PROMPT: When you copy the entries, keep every word exactly as it is and drop the images.

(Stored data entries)

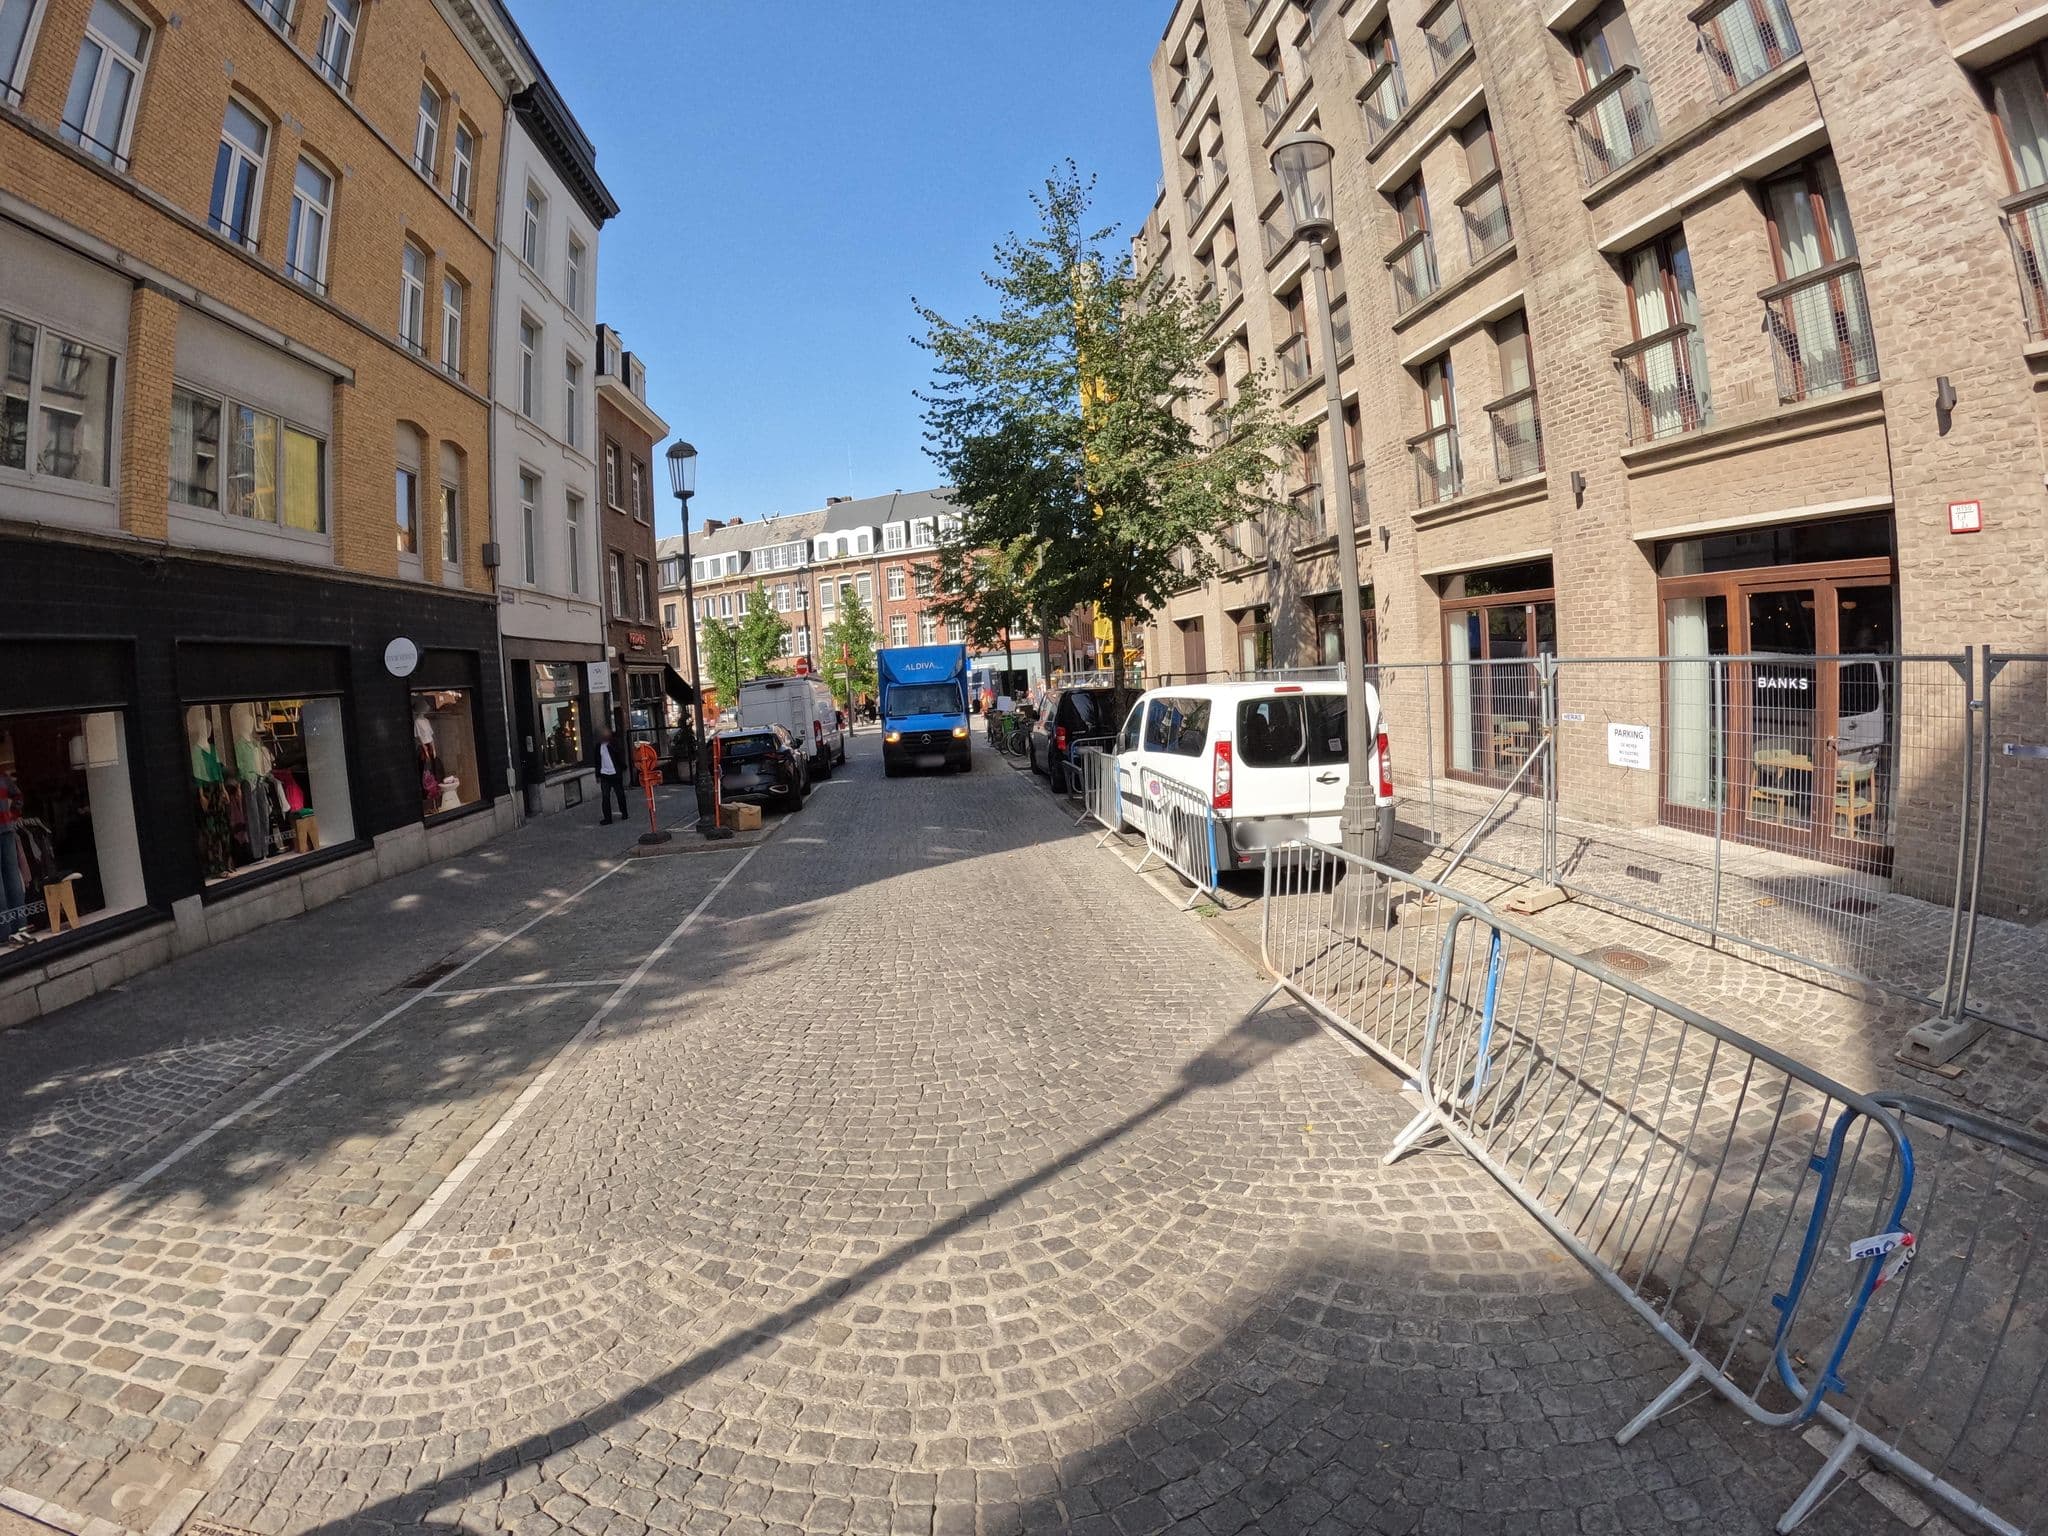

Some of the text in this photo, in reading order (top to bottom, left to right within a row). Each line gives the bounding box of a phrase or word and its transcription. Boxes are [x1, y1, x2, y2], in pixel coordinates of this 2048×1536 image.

[905, 662, 935, 671] ALDIVA
[1758, 676, 1808, 690] BANKS
[1614, 728, 1644, 740] PARKING
[17, 902, 46, 920] ROSES

WRITTEN RESPONSE:
Some of the text in this photo, in reading order (top to bottom, left to right within a row). Each line gives the bounding box of a phrase or word and its transcription. Boxes are [x1, y1, x2, y2], in pixel coordinates of this 2048×1536 image.

[905, 662, 935, 671] ALDIVA
[1758, 676, 1808, 690] BANKS
[1614, 728, 1644, 740] PARKING
[17, 902, 46, 920] ROSES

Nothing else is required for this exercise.